- **TASK GOAL**
Could you please transcribe the data exactly, without the pictures?

═══ AVAILABLE RECORDS ═══

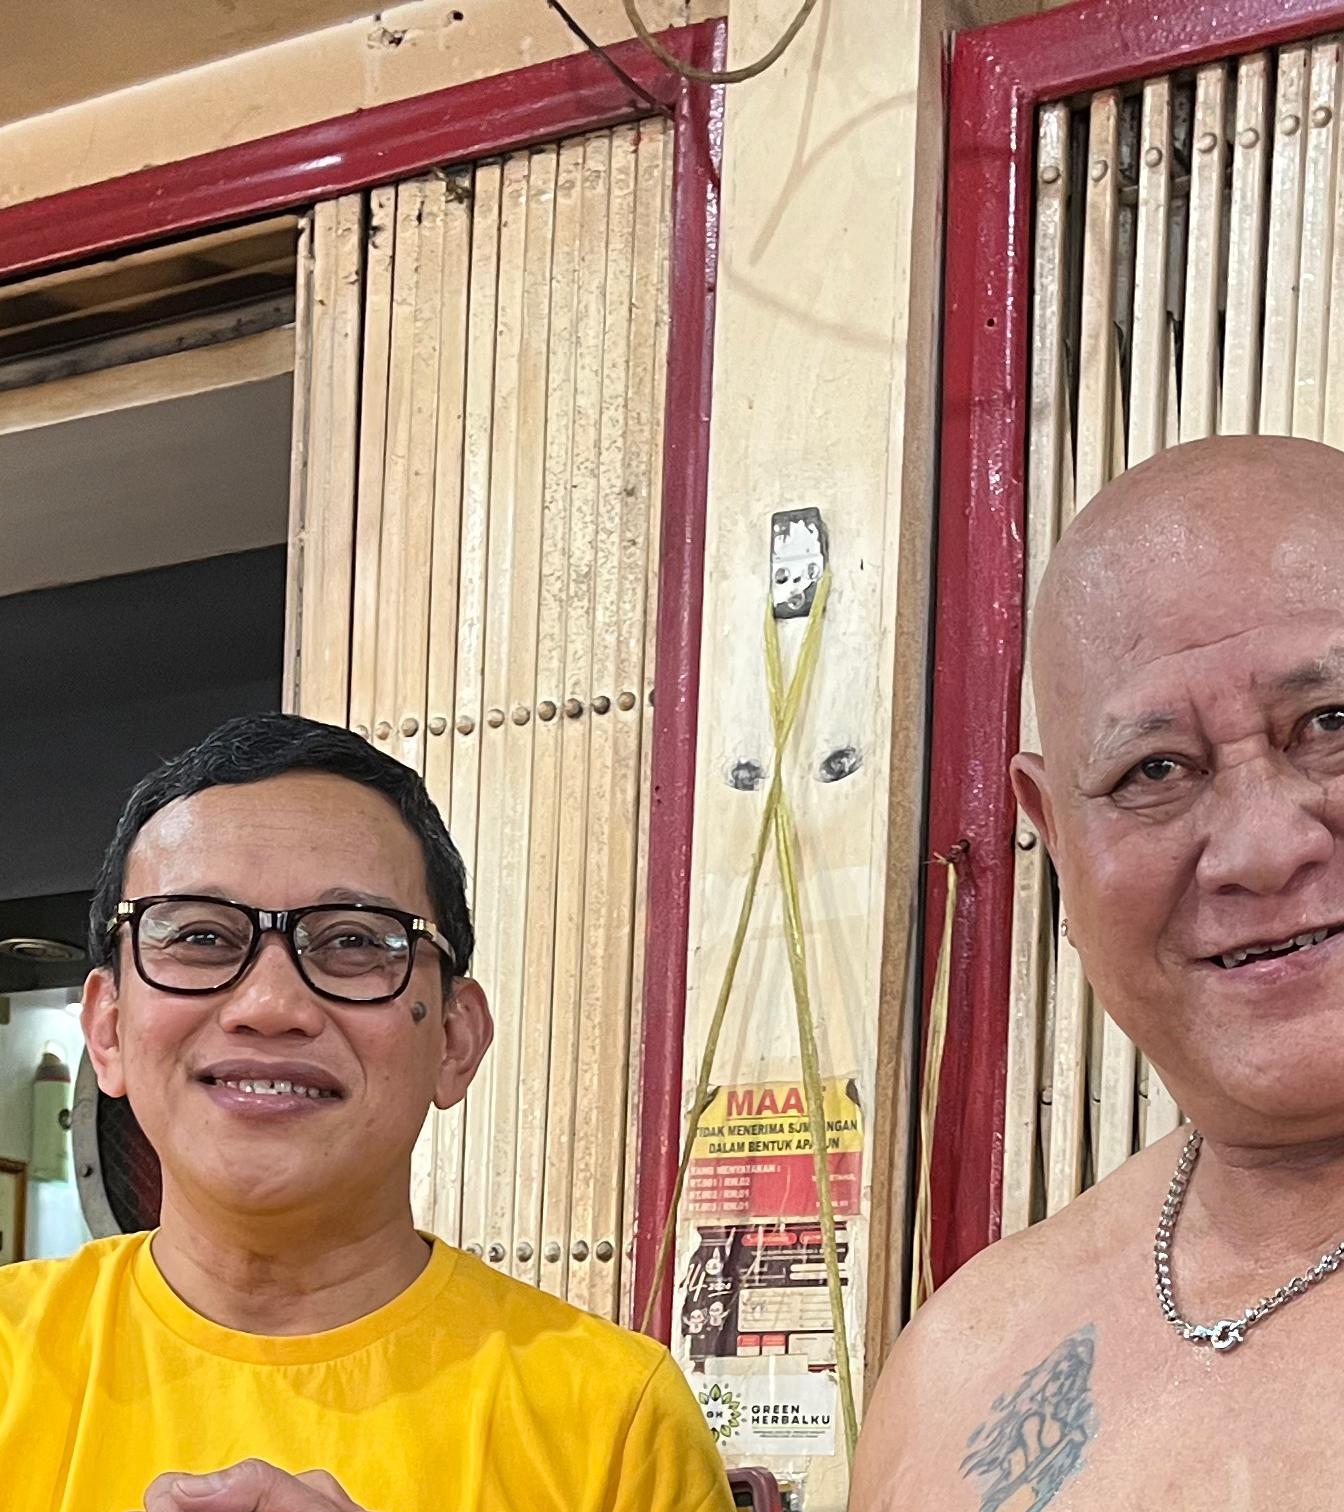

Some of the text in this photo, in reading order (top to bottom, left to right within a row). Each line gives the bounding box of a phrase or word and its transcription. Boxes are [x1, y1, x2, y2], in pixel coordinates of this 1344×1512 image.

[726, 1087, 826, 1116] MAA
[727, 1122, 785, 1138] MENERIMA
[708, 1140, 745, 1154] DALAM
[748, 1139, 794, 1153] BENTUK
[751, 1405, 800, 1414] GREEN
[751, 1415, 830, 1425] HERBALKU

═══

- **RESULT BELOW**
Some of the text in this photo, in reading order (top to bottom, left to right within a row). Each line gives the bounding box of a phrase or word and its transcription. Boxes are [x1, y1, x2, y2], in pixel coordinates of this 1344×1512 image.

[726, 1087, 826, 1116] MAA
[727, 1122, 785, 1138] MENERIMA
[708, 1140, 745, 1154] DALAM
[748, 1139, 794, 1153] BENTUK
[751, 1405, 800, 1414] GREEN
[751, 1415, 830, 1425] HERBALKU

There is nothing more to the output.